### What the task asks
Return the data below exactly as given, except for the images.
====== Material for this task
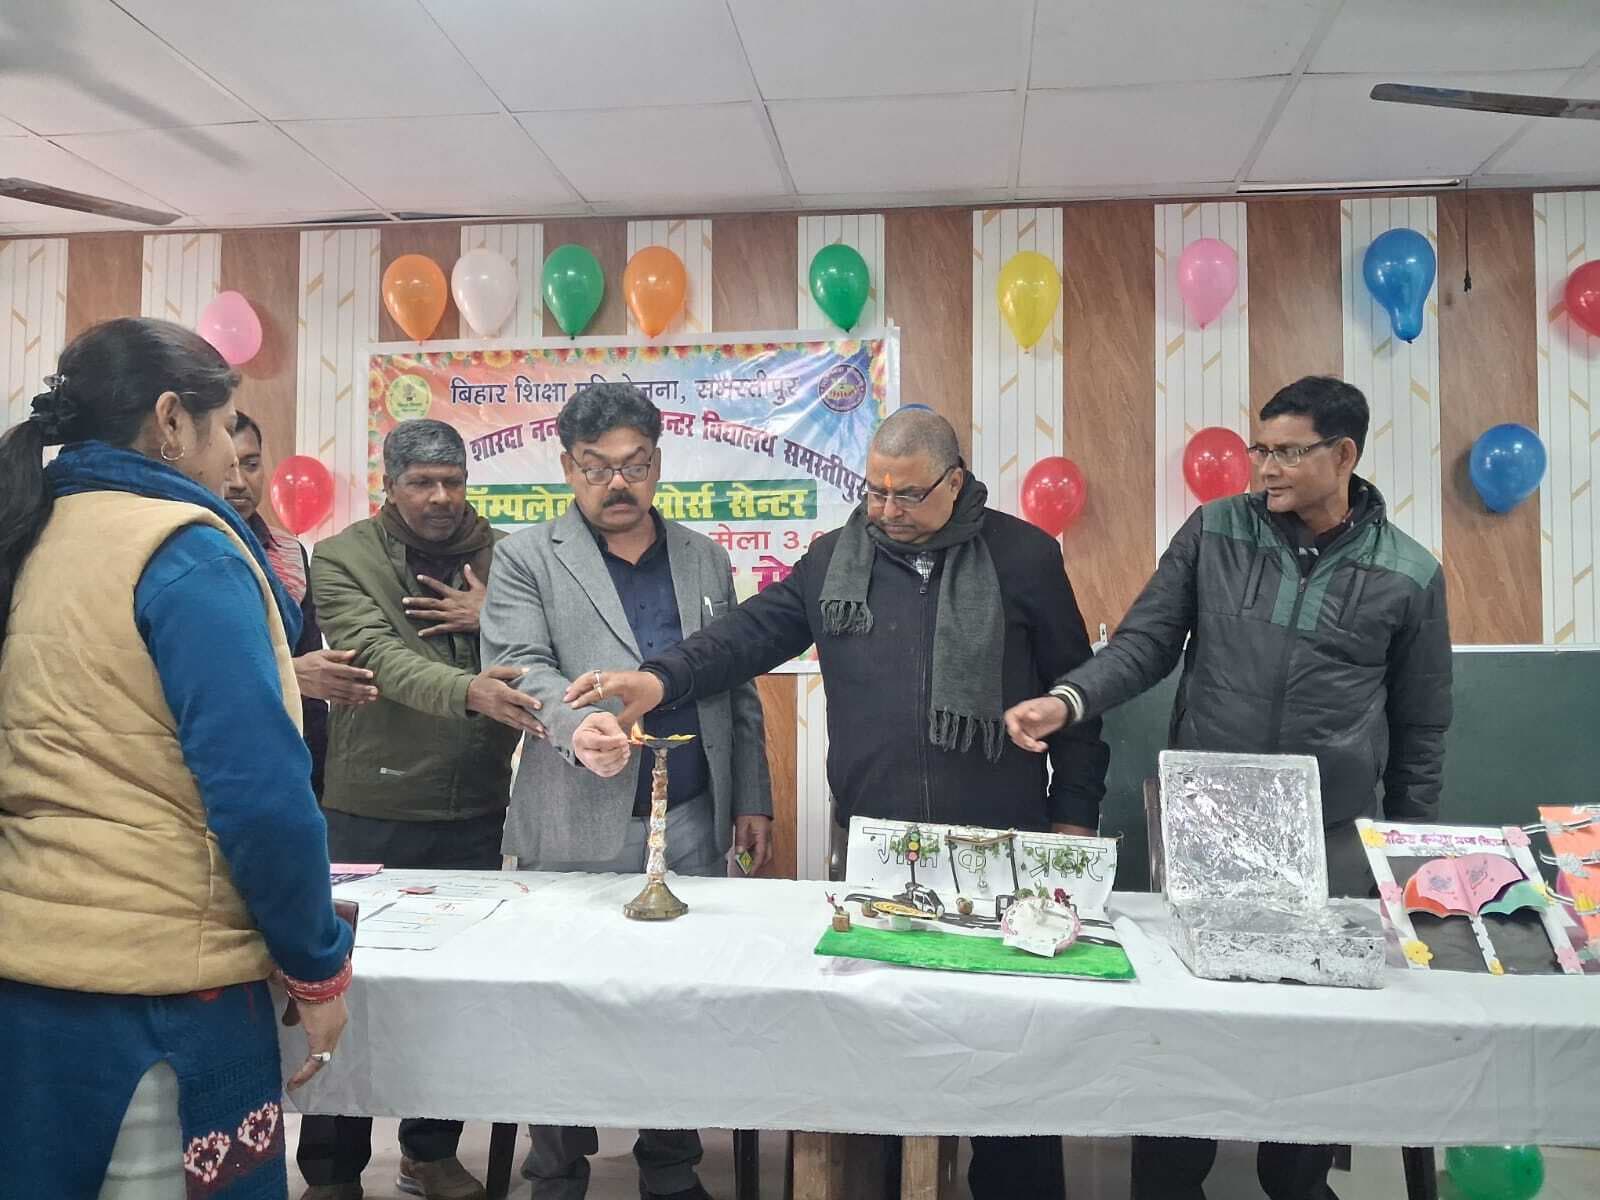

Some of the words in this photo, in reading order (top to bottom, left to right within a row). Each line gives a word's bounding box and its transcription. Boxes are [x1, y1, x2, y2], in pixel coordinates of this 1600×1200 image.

[450, 375, 508, 404] बिहार
[515, 375, 568, 402] शिक्षा
[695, 369, 800, 405] समस्तीपुर
[469, 424, 524, 461] शारदा
[726, 482, 808, 519] सेन्टर
[708, 523, 771, 550] मेला
============
### Reply to the task
Some of the words in this photo, in reading order (top to bottom, left to right within a row). Each line gives a word's bounding box and its transcription. Boxes are [x1, y1, x2, y2], in pixel coordinates of this 1600×1200 image.

[450, 375, 508, 404] बिहार
[515, 375, 568, 402] शिक्षा
[695, 369, 800, 405] समस्तीपुर
[469, 424, 524, 461] शारदा
[726, 482, 808, 519] सेन्टर
[708, 523, 771, 550] मेला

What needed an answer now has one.